The Member States of the WHO South-East Asia Region have adopted the Colombo Declaration on ‘Healthy Ageing through Strengthened Primary Health Care’, addressing the health and well-being of the region’s ageing population, which is expected to nearly double by 2050. The declaration was endorsed during a ministerial round table attended by Health Ministers, senior representatives, WHO Director-General Dr. Tedros Adhanom Ghebreyesus, regional experts, and Dr. Catharina Boehme, Officer-In-Charge for WHO South-East Asia, who emphasized that healthy, functional older people are vital assets to families, communities, and economies. The declaration highlights primary health care as the most inclusive and efficient pathway to achieving universal health coverage, ensuring older people can live long, productive, and meaningful lives.
The Colombo Declaration calls for embedding healthy ageing in national policies and PHC-oriented health systems, providing accessible, equitable, integrated, and age-responsive services across the continuum of care—from health promotion and prevention to rehabilitation, long-term care, and palliative services. It aligns with the Regional Strategy for Healthy Ageing 2024–2030, which prioritizes combating ageism, fostering enabling environments, delivering integrated person-centred care, and ensuring access to long-term care.
To strengthen the health and care workforce, the Declaration emphasizes building geriatric and gender-sensitive competencies, supporting paid and unpaid caregivers, and enabling multidisciplinary, community-based teams to provide quality care at all stages of ageing. Member States committed to prioritizing adequate resource allocation through innovative financing, public-private partnerships, and cross-ministerial cost-sharing mechanisms to support financial protection and universal health coverage.
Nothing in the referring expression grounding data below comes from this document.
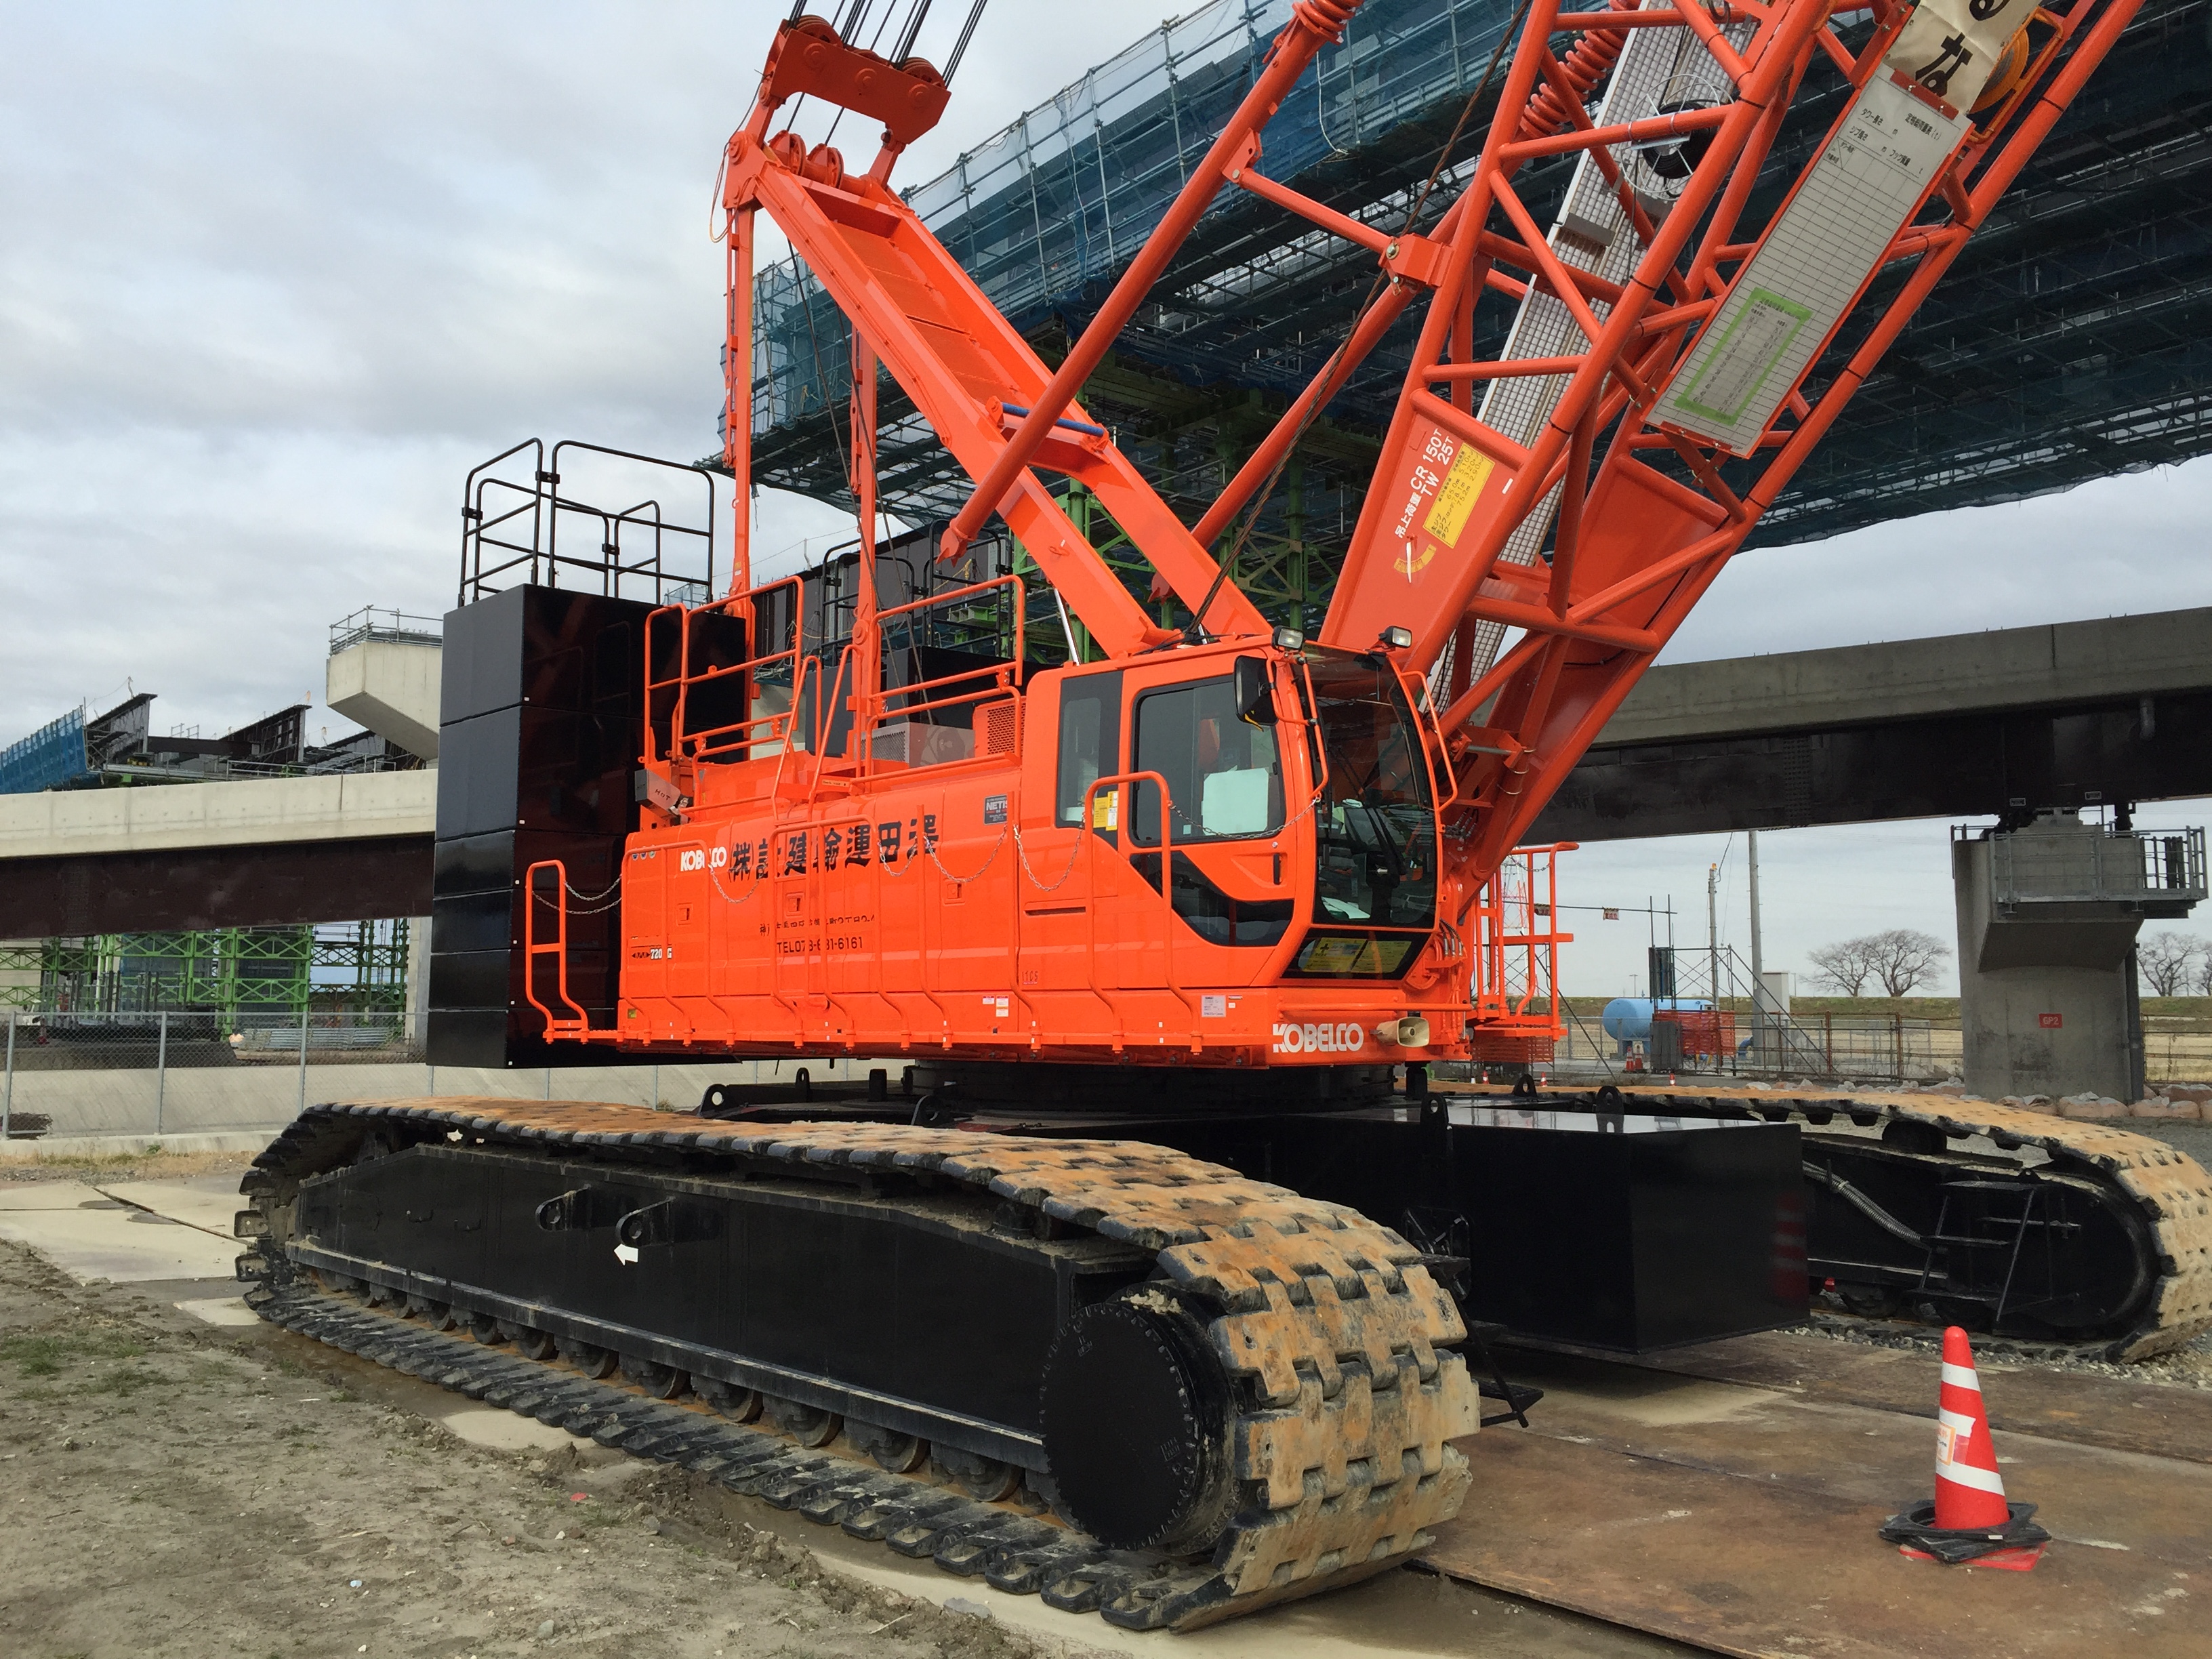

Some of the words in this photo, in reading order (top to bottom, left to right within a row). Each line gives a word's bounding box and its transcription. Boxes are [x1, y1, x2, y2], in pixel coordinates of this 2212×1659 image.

[1408, 464, 1430, 491] CR
[1419, 471, 1441, 498] TW
[1391, 491, 1425, 539] 吊上荷重
[655, 788, 671, 801] HOT
[2042, 1016, 2060, 1025] GP2
[1272, 1023, 1365, 1053] KOBELCO
The Declaration also calls for integrated, rights-based, person-centered, and gender-sensitive care tailored to older people’s needs, preferences, and choices. It advocates strengthening data systems to inform and monitor programs and leveraging digital health innovations to improve access, efficiency, and quality of care. Member States pledged to combat ageism through laws, inclusive policies, public sensitization, education, and intergenerational initiatives, fostering respect, dignity, and solidarity across generations.
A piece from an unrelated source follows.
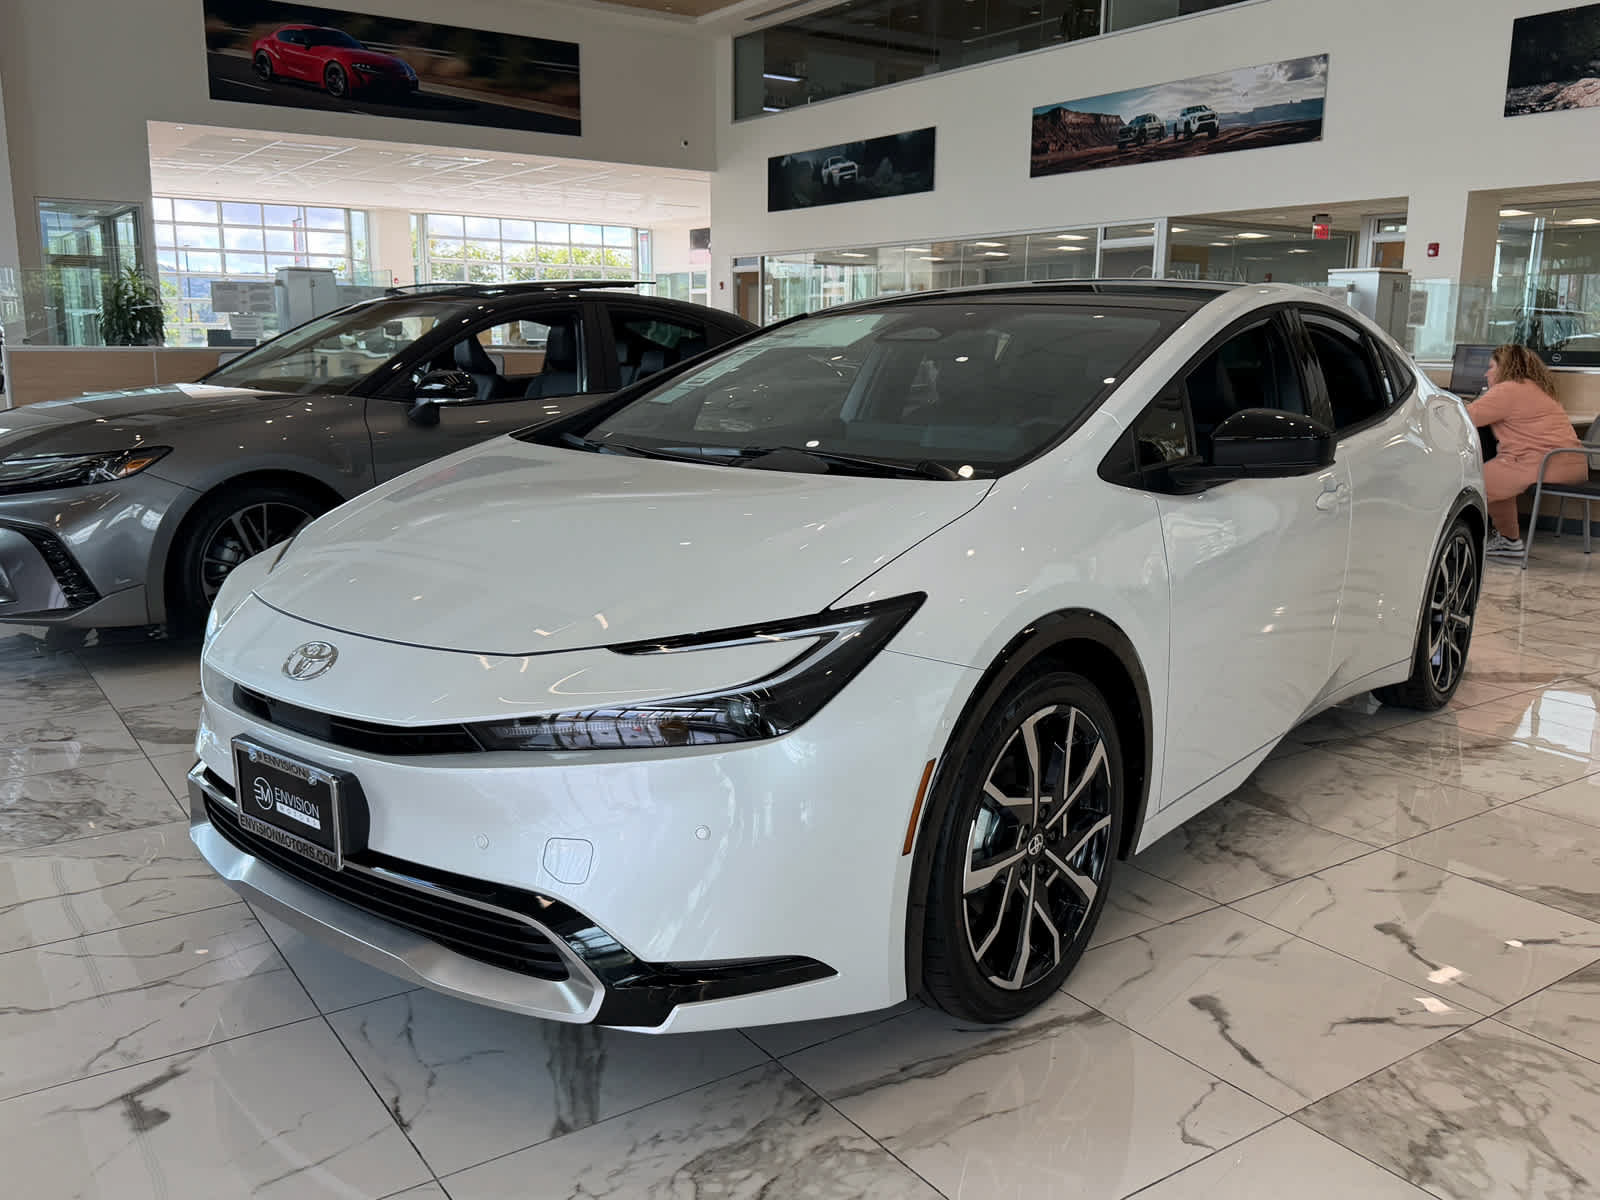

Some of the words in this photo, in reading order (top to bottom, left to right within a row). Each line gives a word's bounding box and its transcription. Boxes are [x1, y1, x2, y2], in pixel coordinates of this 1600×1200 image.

Recognizing the rapid demographic shift in the region, where the population aged 60 years and above is projected to rise from 11.3% in 2024 to 20.9% in 2050, the Declaration underscores the importance of building inclusive, resilient, and sustainable health and care systems. A preceding Participatory Dialogue on 12 October with older people, caregivers, and community representatives informed the declaration, ensuring that the commitments reflect the lived realities of older populations. Dr. Boehme highlighted that ageing is about “adding life to years,” emphasizing dignity, purpose, and inclusion for older persons.
The adoption of the Colombo Declaration marks a regional commitment to advance healthy ageing, strengthen primary health care, and ensure that older adults can live secure, meaningful, and productive lives, supported by integrated systems and broad-based partnerships.